I wanted to honor my mother in a way that would keep her name and memory alive. Now I reap the benefit each year of seeing my gift encourage high-quality research in the department I’m connected with. I’m extremely proud to see students who win the NDH award present their papers at academic conferences, which helps them become professional sociologists.

And I like to remember that my mother always felt sorry for graduate students in sociology because she thought we were destined to be poor!

You taught courses at UB in both the Sociology Department and the Law School during most of your years on the bench. What motivates you to teach?

I’m obsessed with the importance of education, particularly higher education. In addition to that, I get great joy from mentoring young people, starting as young as when they begin to formulate academic interests. I’ve mentored in what I consider a significant way hundreds of students. I’d like to think I’ve changed some lives in profound ways through mentoring.

I have a talk I’ve given many times, especially to young people, on the lifetime value of a quality education.
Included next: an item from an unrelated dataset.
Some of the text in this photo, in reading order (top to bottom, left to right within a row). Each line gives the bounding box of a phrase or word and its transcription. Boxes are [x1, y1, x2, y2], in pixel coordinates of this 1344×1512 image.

I say that a person should make any sacrifice necessary to get as much education as possible because no one can take that away. It’s a lifelong asset.

You were a tenured professor of sociology. How did you decide to change careers?
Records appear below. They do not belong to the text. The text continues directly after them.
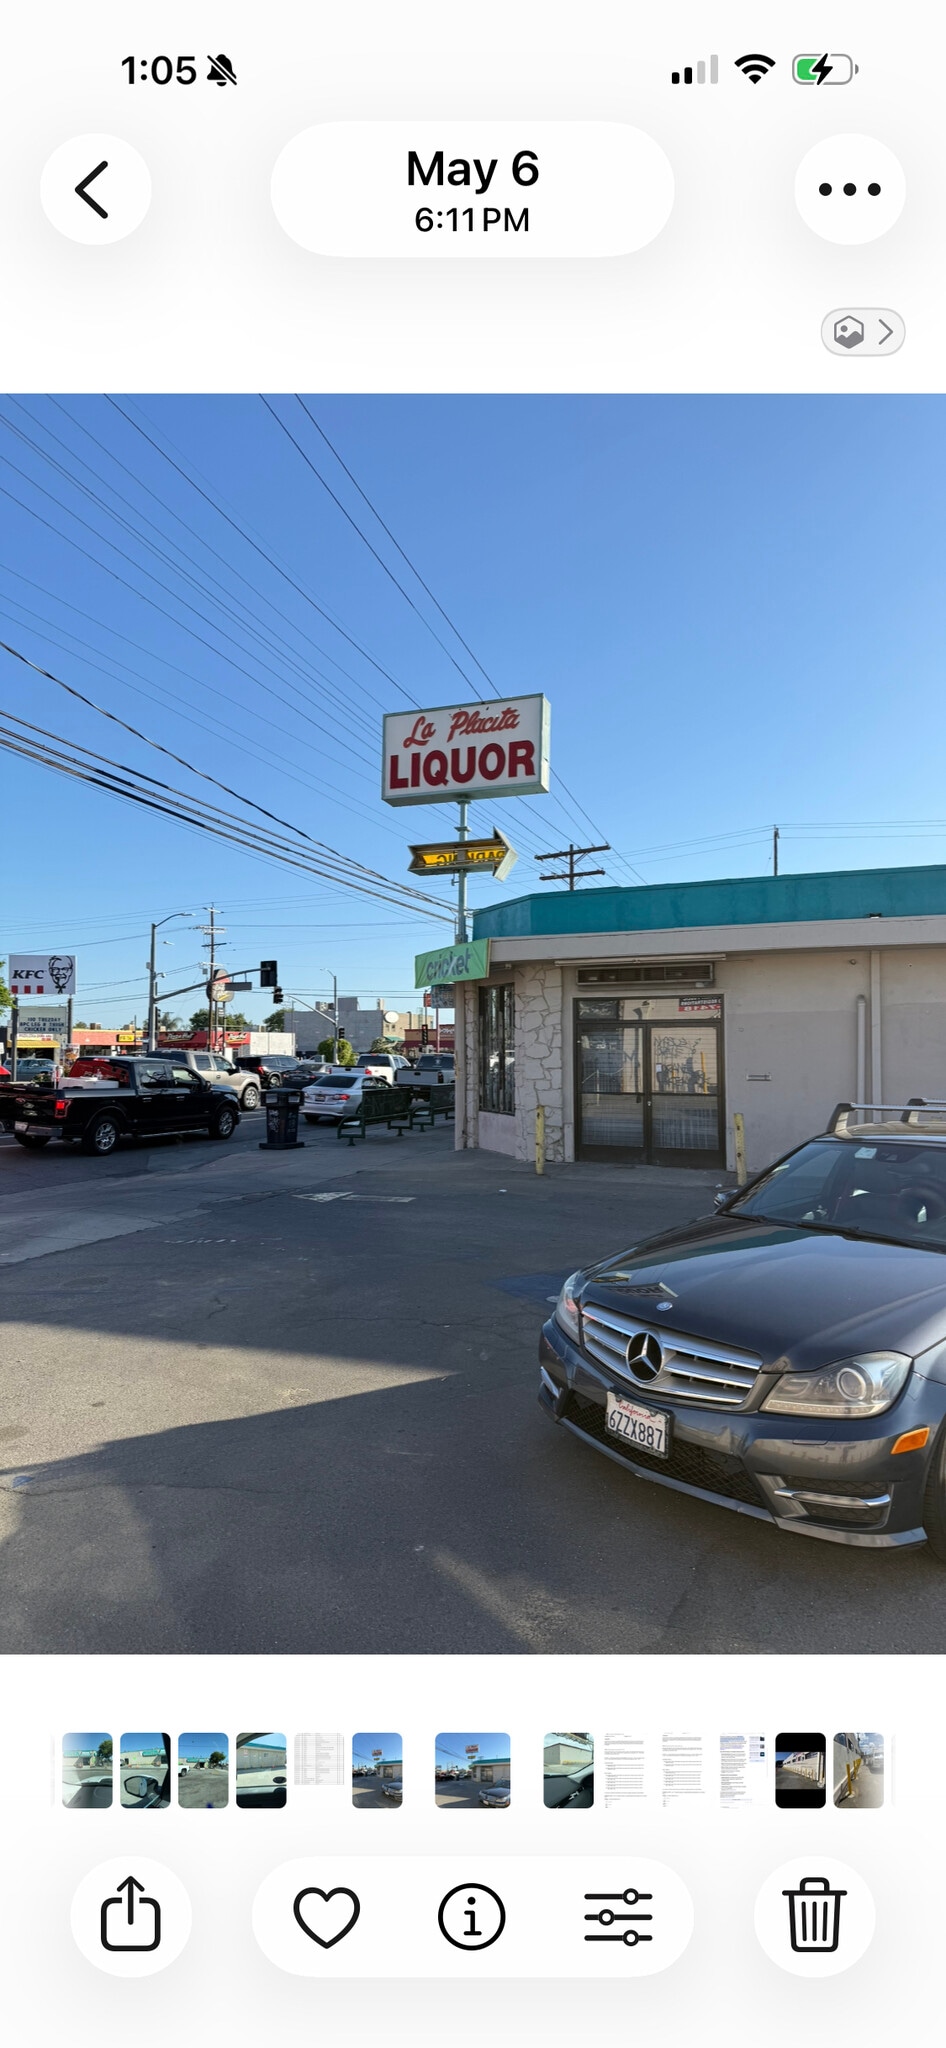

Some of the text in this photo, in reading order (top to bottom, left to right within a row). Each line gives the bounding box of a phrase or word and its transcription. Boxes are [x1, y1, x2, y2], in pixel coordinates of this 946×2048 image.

[403, 707, 521, 749] La Placita
[389, 739, 536, 790] LIQUOR
[12, 970, 45, 980] KFC
[426, 948, 471, 981] cricket
[609, 1409, 663, 1450] 6ZZX887
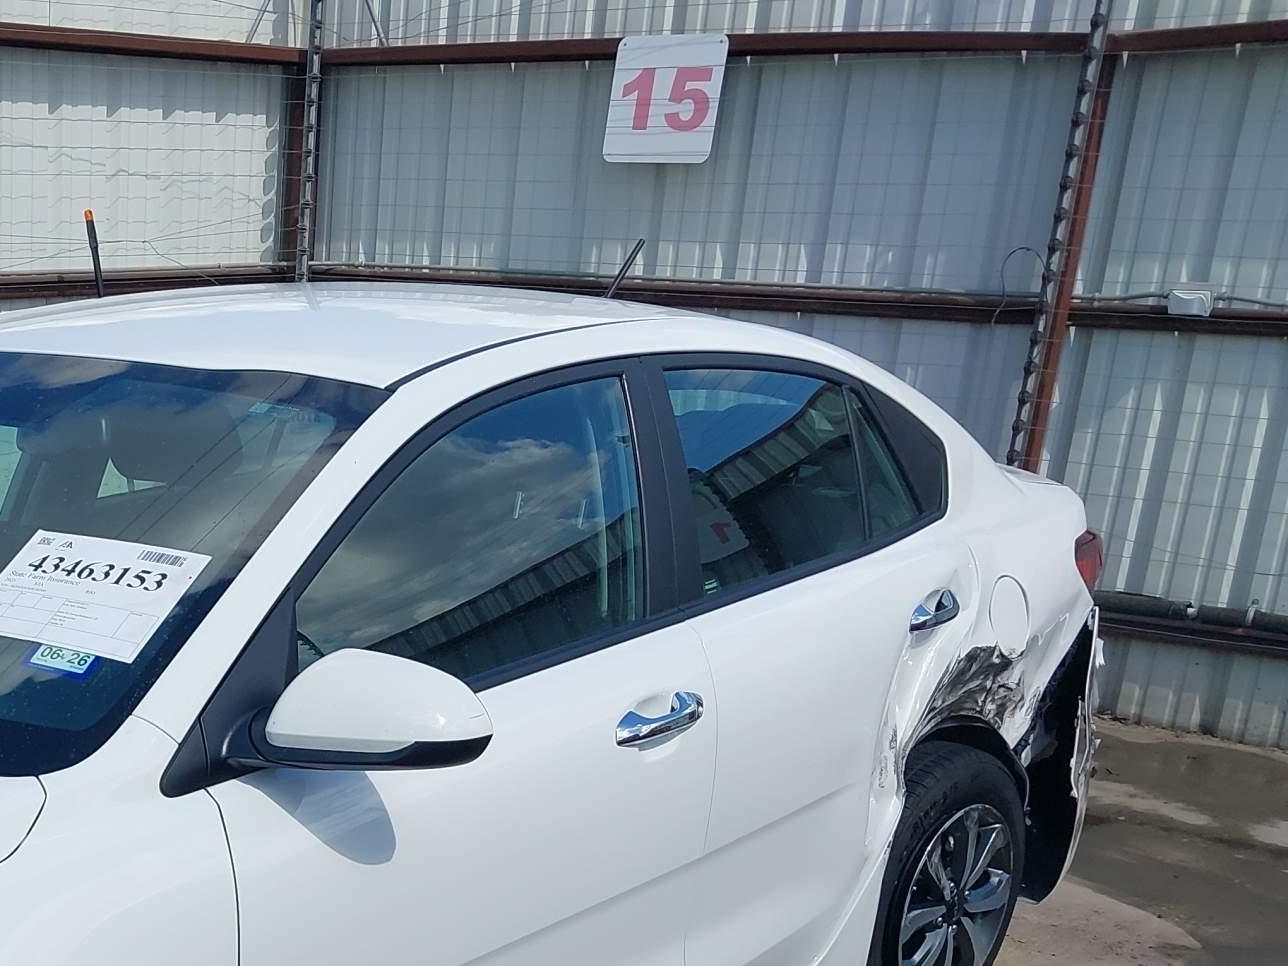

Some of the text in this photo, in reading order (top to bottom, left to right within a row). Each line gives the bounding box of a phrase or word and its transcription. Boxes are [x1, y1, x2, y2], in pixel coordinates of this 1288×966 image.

[622, 67, 714, 132] 15
[28, 554, 168, 592] 43463153
[40, 646, 63, 660] 06
[66, 652, 91, 667] 26
Law had always been an interest. In the late 1970s, when I started studying law at UB, the law school was very academically oriented—the dean was a sociologist, in fact—so it wasn’t a reach as a way of thinking. I already understood the “nesting” of law and sociology.
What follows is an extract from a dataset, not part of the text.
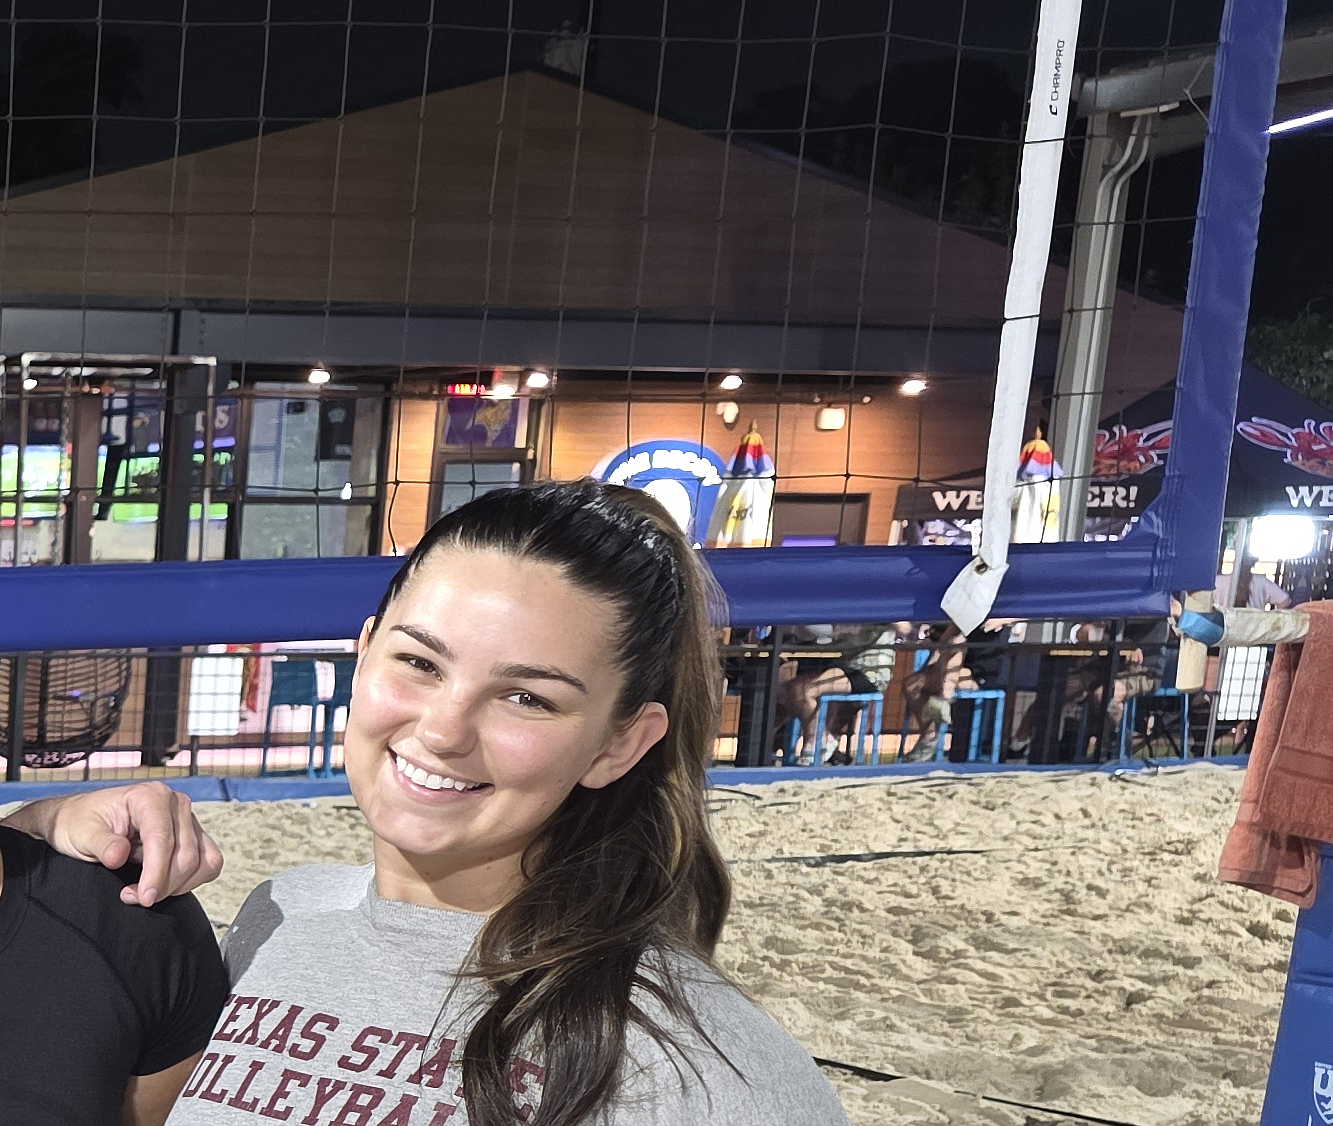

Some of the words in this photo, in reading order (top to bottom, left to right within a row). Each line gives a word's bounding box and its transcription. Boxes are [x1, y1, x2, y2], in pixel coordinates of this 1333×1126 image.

[1051, 39, 1065, 101] CHAMPRO
[932, 490, 984, 512] WE
[1086, 485, 1139, 508] ER!
[337, 1025, 546, 1122] STAE
I used a sabbatical semester away from teaching in 1981 to work as a public defender. I found myself working with people who have the kinds of issues that sociologists think about, especially poverty. In 1984 I got totally immersed in Buffalo politics. That led to my running for, and winning, a Buffalo city court judgeship. I always believed that being a judge is a privilege to be re-earned every day, and I got to do that for 30 years. I’ve been very fortunate.

You were an undergraduate at the University of Connecticut and a graduate student at Cornell. What do you tell people who might think UB doesn’t need private support because it is a public university?

I think it is at least as important to support public education with philanthropic giving as it is private education—to support making quality education available to everyone. Of the very best colleges and universities in this country, some are public, some private. But public education can be subject to the vagaries of political leadership and funding, so I believe strongly that we need to support public education with individual gifts. I’m hardcore about that.

You have been part of the UB community for 46 years—as a tenured faculty member, as an associate dean, as a law student, as a friend and benefactor and honored alumna. In your view, how is UB doing today?

I think UB is doing phenomenally! President Tripathi and Law Dean Abramovsky are extraordinary. I would have said that if you’d asked before the pandemic began. But I can say it now even more passionately because of the way UB has responded to the situation. UB turned on a dime to recast education for online delivery and also to respond to new racial justice challenges. UB took its resources and recrafted them to respond in myriad ways, even including opportunities for alumni. So, again, UB is doing phenomenally!